• **Work required**:
Every line below is to be given again precisely; images are to be left out.
_____
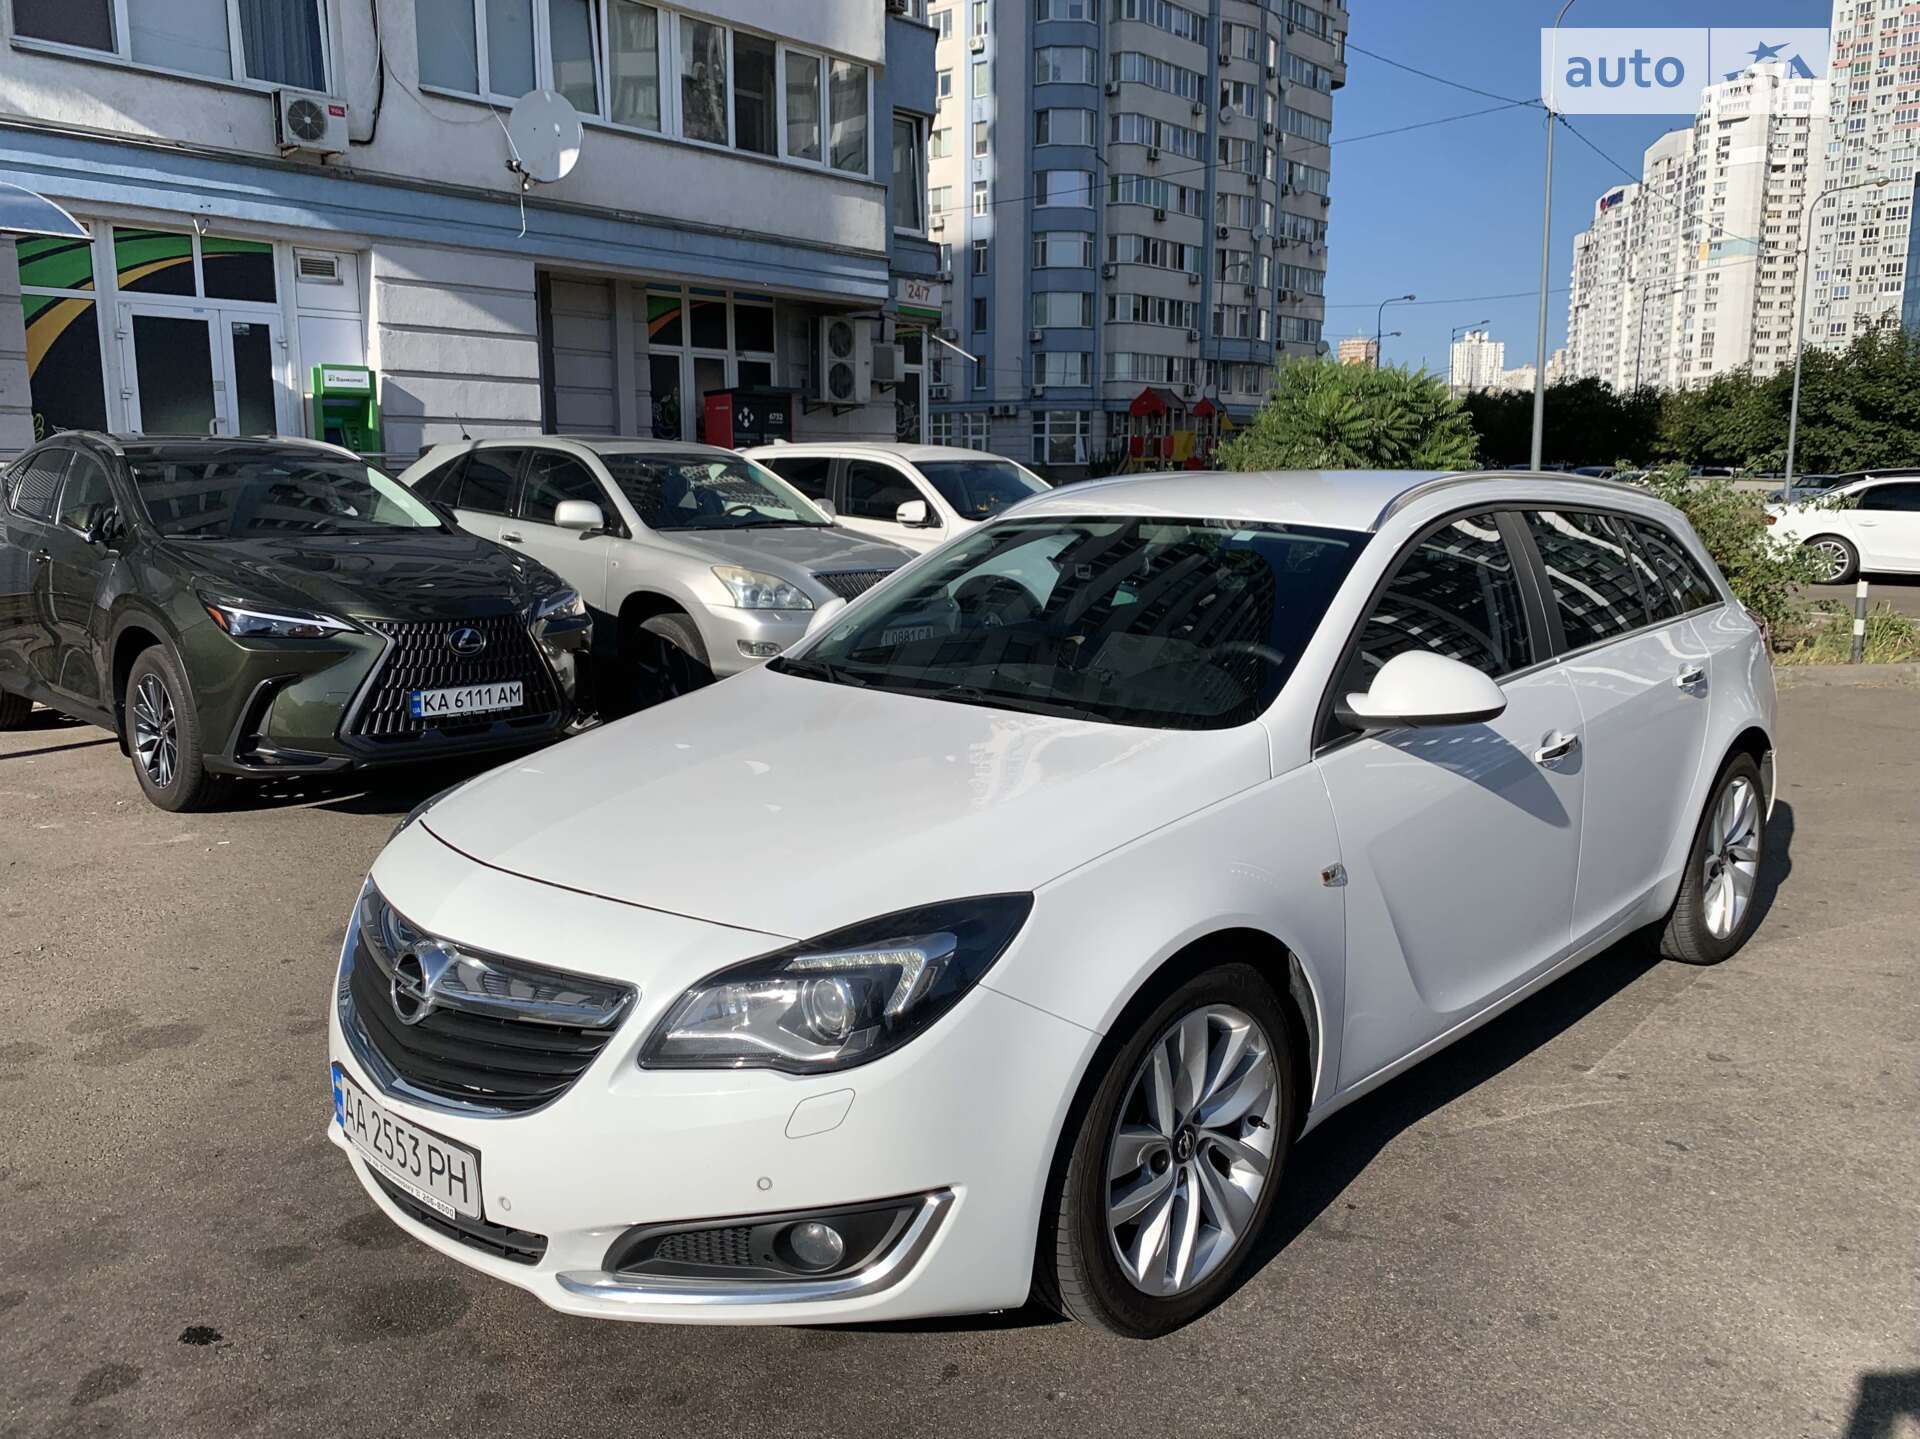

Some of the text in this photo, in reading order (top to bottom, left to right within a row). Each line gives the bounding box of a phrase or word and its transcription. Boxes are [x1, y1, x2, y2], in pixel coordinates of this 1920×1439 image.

[907, 284, 930, 302] 24/7
[412, 706, 421, 714] UA
[423, 693, 449, 713] KA
[455, 687, 492, 709] 6111
[497, 685, 521, 705] AM
[345, 1088, 368, 1142] AA
[371, 1110, 422, 1178] 2553
[428, 1144, 468, 1204] PH
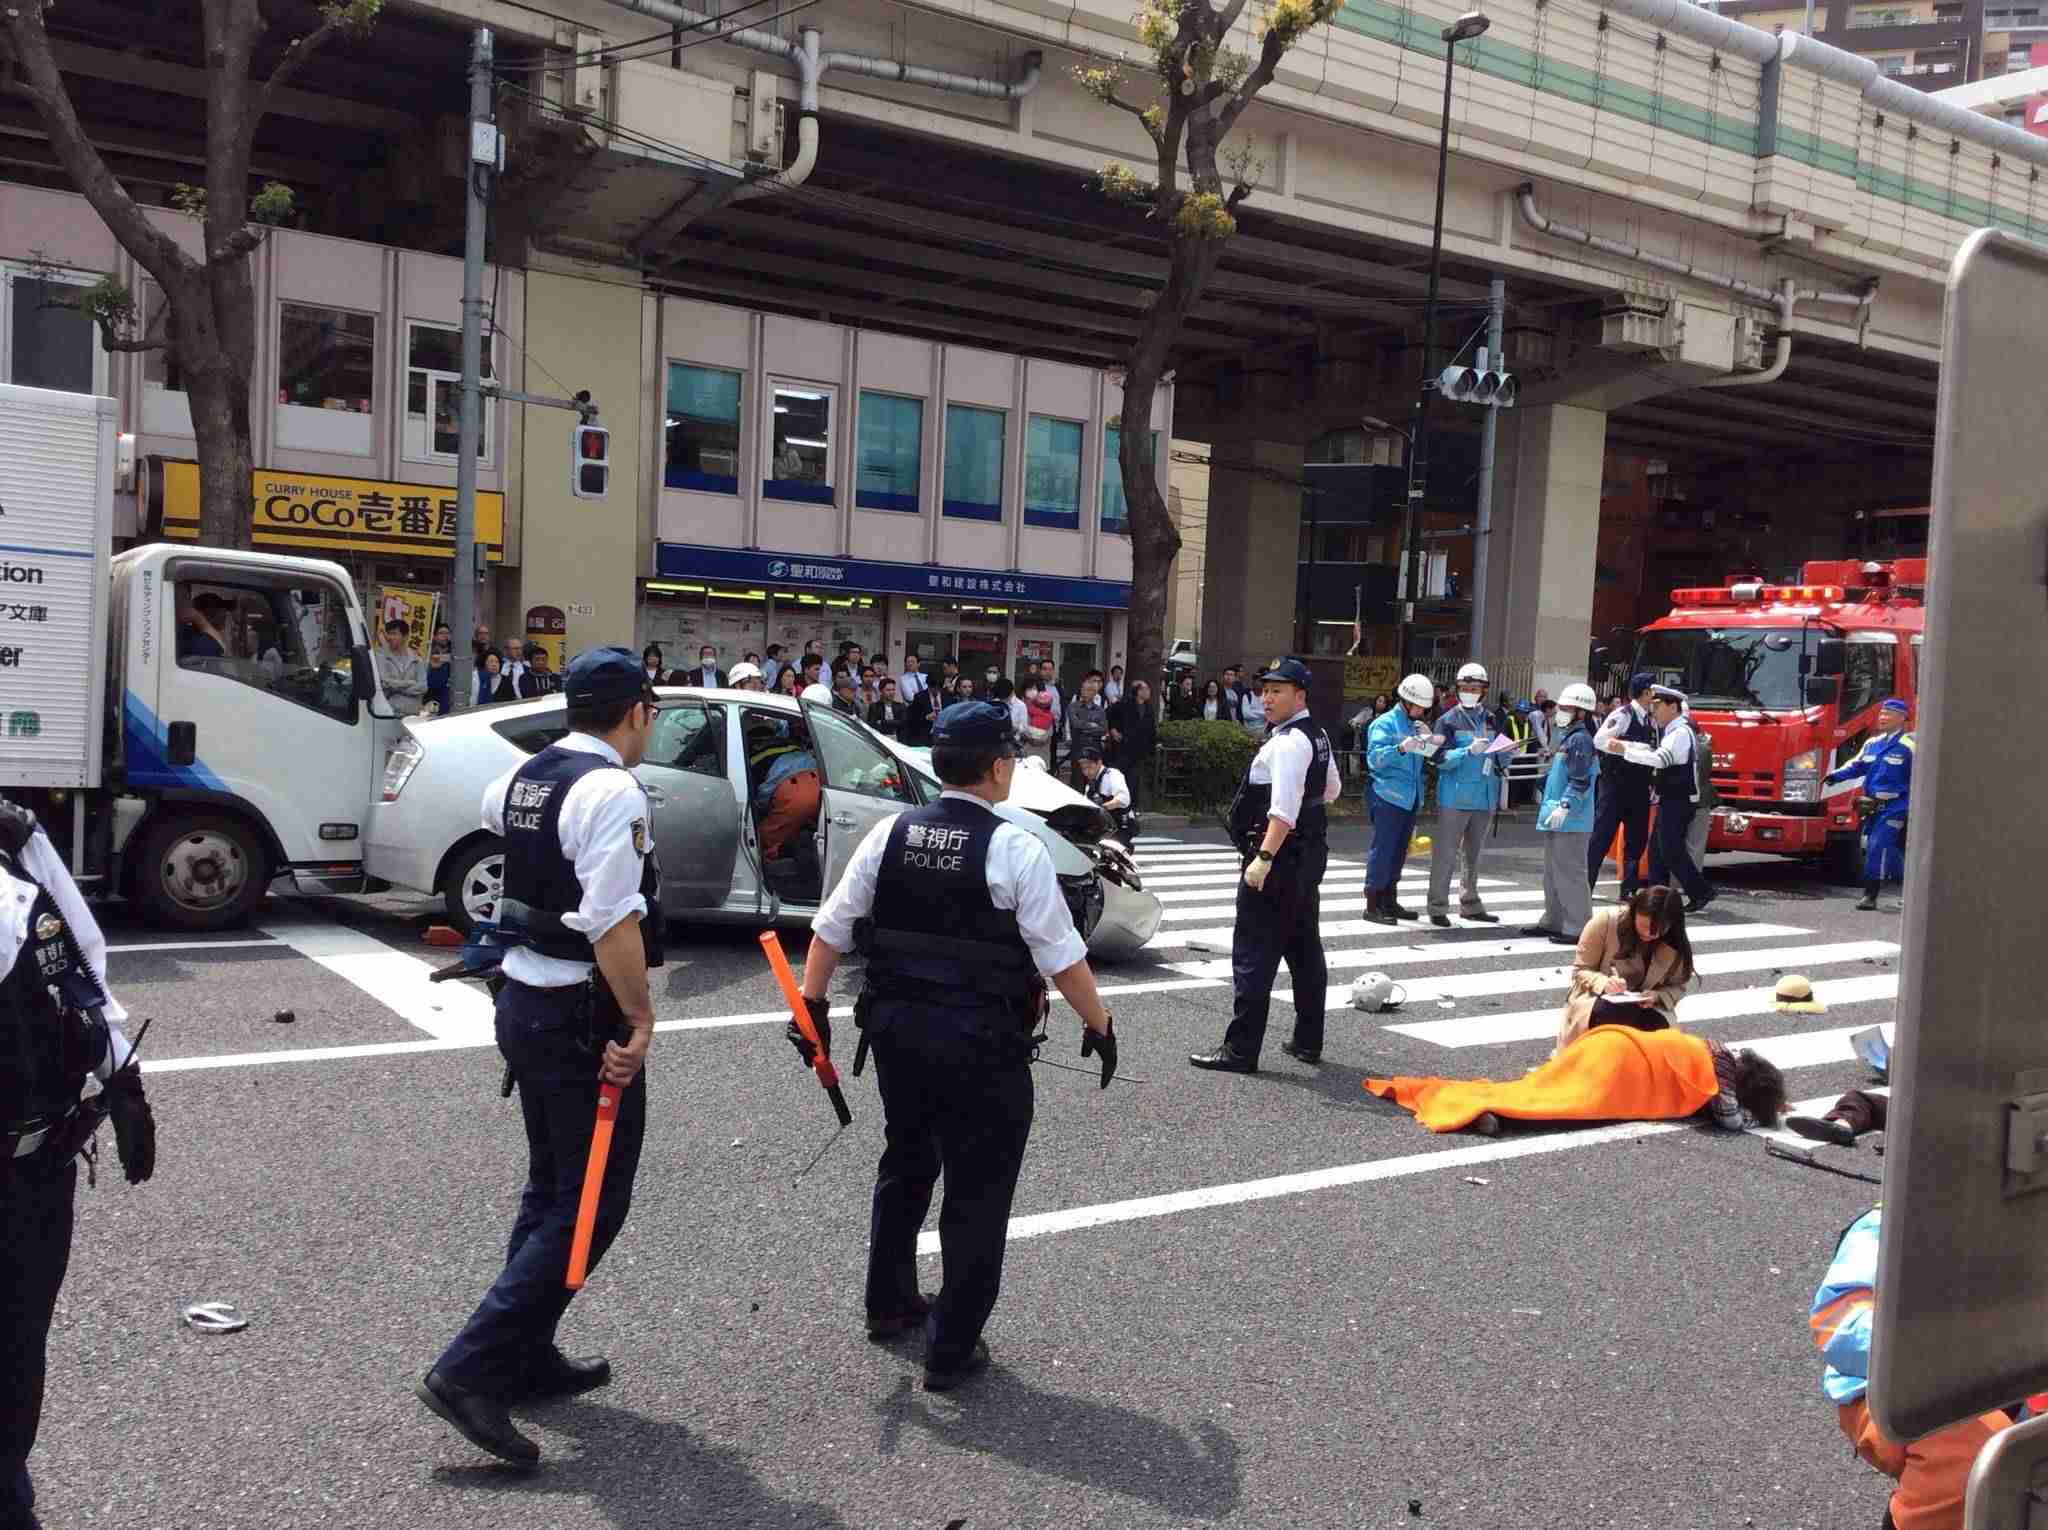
_____
• **Written answer**:
Some of the text in this photo, in reading order (top to bottom, left to right within a row). Each line gives the bounding box of a phrase or word and its transcription. Boxes are [x1, y1, x2, y2], in pixel coordinates of this 1920×1439 image.

[907, 284, 930, 302] 24/7
[412, 706, 421, 714] UA
[423, 693, 449, 713] KA
[455, 687, 492, 709] 6111
[497, 685, 521, 705] AM
[345, 1088, 368, 1142] AA
[371, 1110, 422, 1178] 2553
[428, 1144, 468, 1204] PH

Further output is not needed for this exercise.